# Task statement
Write out every record below exactly, leaving the pictures out.

# Material shown
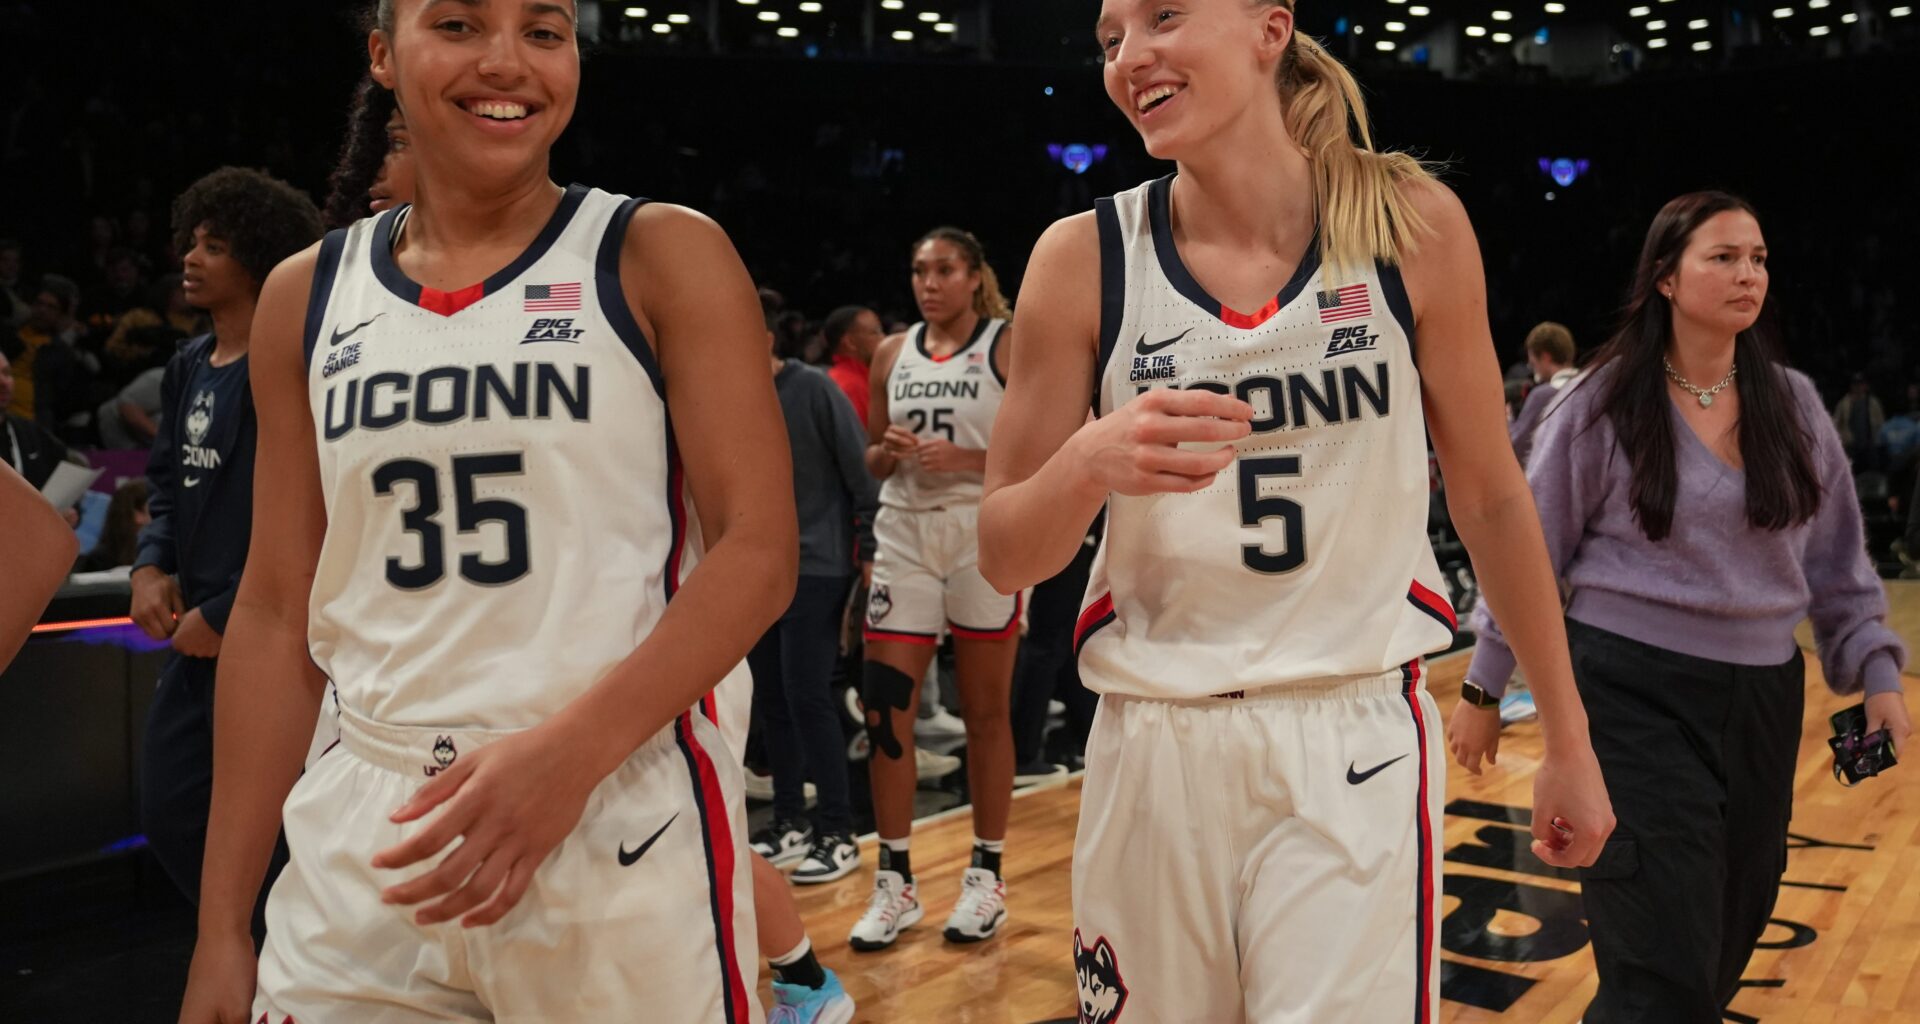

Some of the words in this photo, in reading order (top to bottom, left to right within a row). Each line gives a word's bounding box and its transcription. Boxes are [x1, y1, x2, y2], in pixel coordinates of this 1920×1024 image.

[532, 318, 575, 329] BIG
[1331, 325, 1368, 340] BIG
[524, 329, 586, 339] EAST
[1326, 334, 1380, 352] EAST
[341, 341, 363, 357] THE
[322, 352, 362, 378] CHANGE
[1133, 357, 1149, 369] BE
[1152, 355, 1175, 368] THE
[1129, 366, 1176, 381] CHANGE
[895, 381, 979, 401] UCONN
[1136, 361, 1390, 436] ONN
[324, 361, 591, 442] UCONN
[371, 450, 533, 592] 35
[1237, 454, 1308, 576] 5
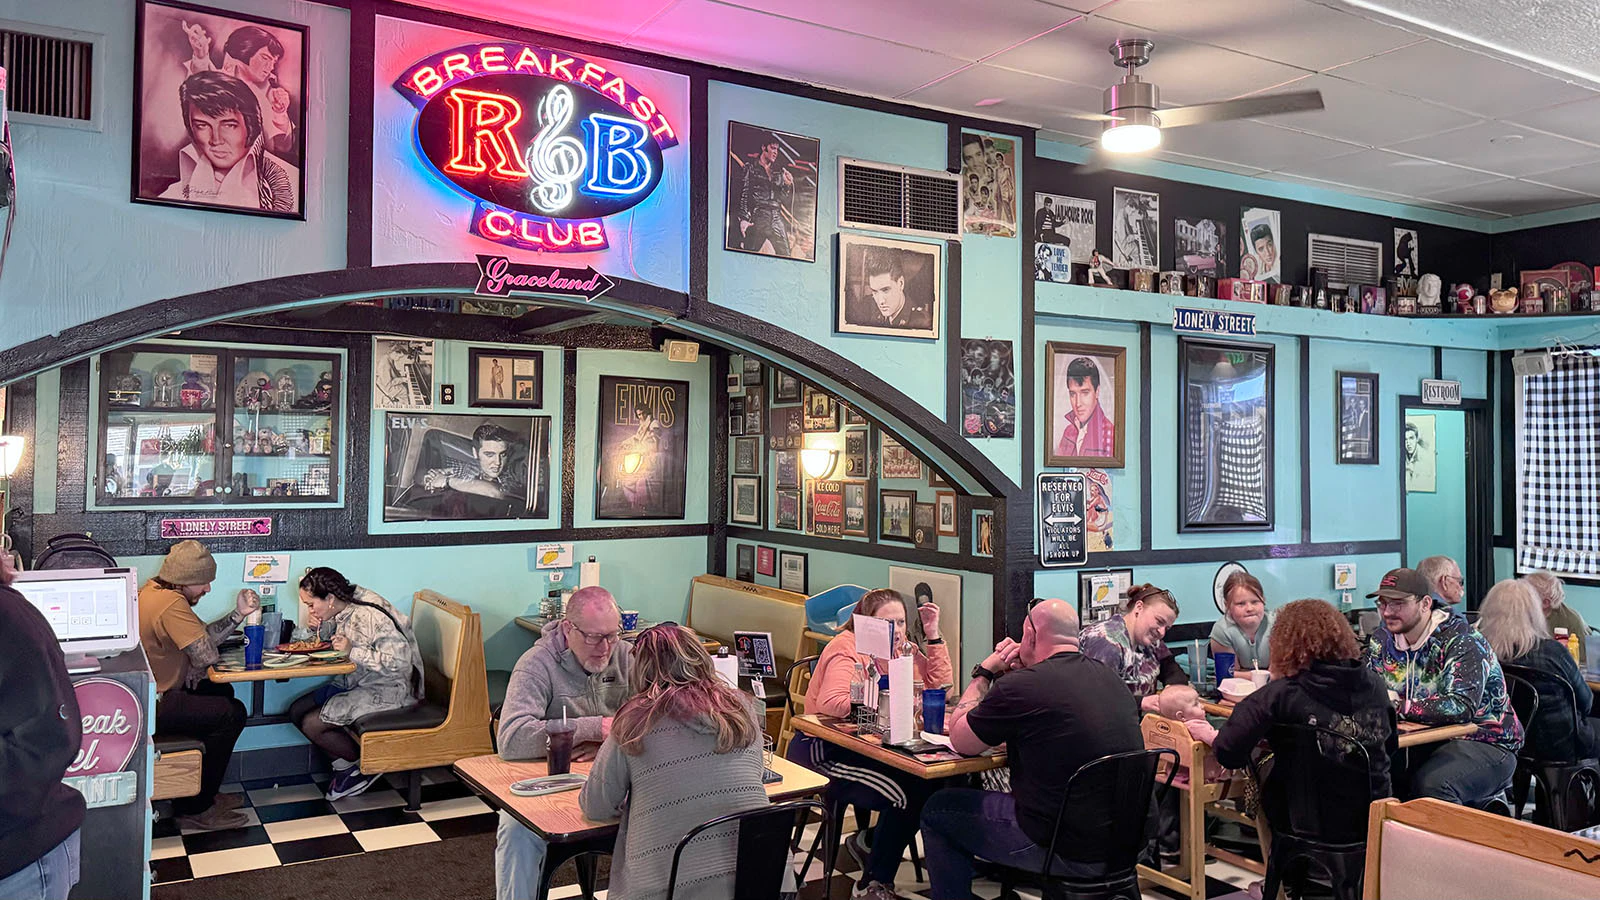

# Response to this task
Some of the words in this photo, in reading order (top to bottom, left to right within a row). Each line gives a word's bounding box and its transcription. Boxes are [x1, y1, x2, y2], in pixel coordinates of this 1920×1024 image.

[532, 318, 575, 329] BIG
[1331, 325, 1368, 340] BIG
[524, 329, 586, 339] EAST
[1326, 334, 1380, 352] EAST
[341, 341, 363, 357] THE
[322, 352, 362, 378] CHANGE
[1133, 357, 1149, 369] BE
[1152, 355, 1175, 368] THE
[1129, 366, 1176, 381] CHANGE
[895, 381, 979, 401] UCONN
[1136, 361, 1390, 436] ONN
[324, 361, 591, 442] UCONN
[371, 450, 533, 592] 35
[1237, 454, 1308, 576] 5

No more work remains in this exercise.